(Items from a dataset)

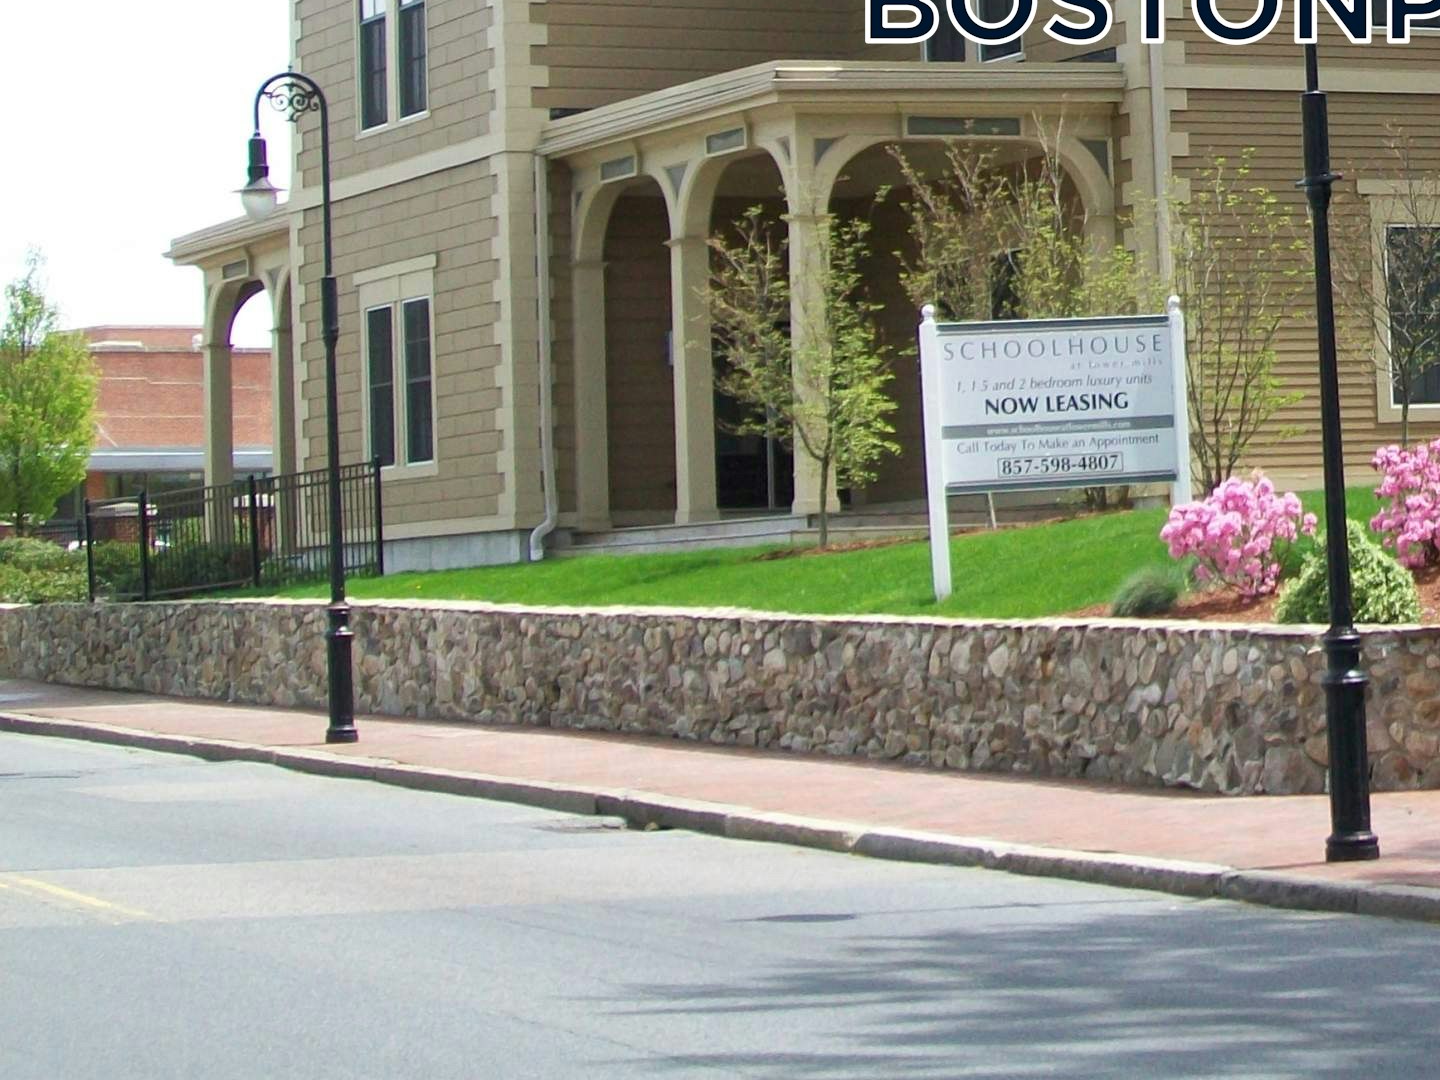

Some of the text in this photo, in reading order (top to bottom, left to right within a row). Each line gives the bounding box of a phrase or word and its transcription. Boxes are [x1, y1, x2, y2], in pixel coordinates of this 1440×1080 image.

[943, 333, 1163, 362] SCHOOLHOUSE
[992, 377, 1016, 391] and
[1018, 378, 1026, 390] 2
[1029, 376, 1083, 389] bedroom
[1086, 374, 1121, 388] luxury
[1125, 373, 1153, 385] units
[985, 391, 1129, 415] NOW LEASING
[957, 433, 1159, 454] Call Today To Make an Appointment
[1002, 454, 1119, 476] 857-598-4807
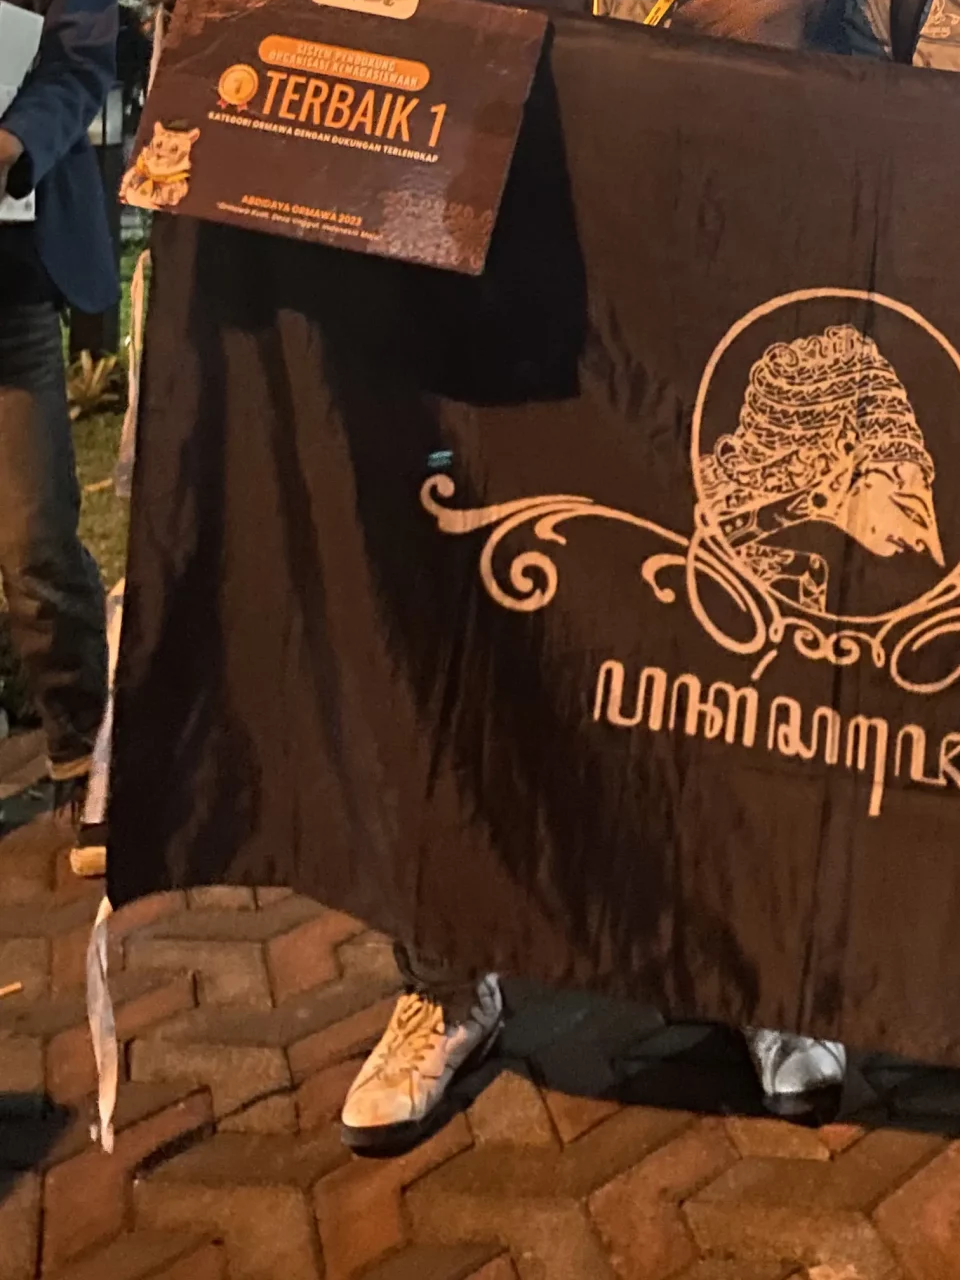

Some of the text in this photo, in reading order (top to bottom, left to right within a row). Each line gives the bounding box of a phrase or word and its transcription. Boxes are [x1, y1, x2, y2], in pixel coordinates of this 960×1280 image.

What is required: Return the entries unchanged, save for the pictures, which do not belong in the copy.

Task result:
Some of the text in this photo, in reading order (top to bottom, left to right within a row). Each line gives the bounding box of a phrase or word and its transcription. Boxes are [x1, y1, x2, y2], in pixel coordinates of this 1440×1080 image.

[943, 333, 1163, 362] SCHOOLHOUSE
[992, 377, 1016, 391] and
[1018, 378, 1026, 390] 2
[1029, 376, 1083, 389] bedroom
[1086, 374, 1121, 388] luxury
[1125, 373, 1153, 385] units
[985, 391, 1129, 415] NOW LEASING
[957, 433, 1159, 454] Call Today To Make an Appointment
[1002, 454, 1119, 476] 857-598-4807

Some of the text in this photo, in reading order (top to bottom, left to right within a row). Each line gives the bounding box of a phrase or word and its transcription. Boxes are [x1, y1, x2, y2], in pixel coordinates of this 960×1280 image.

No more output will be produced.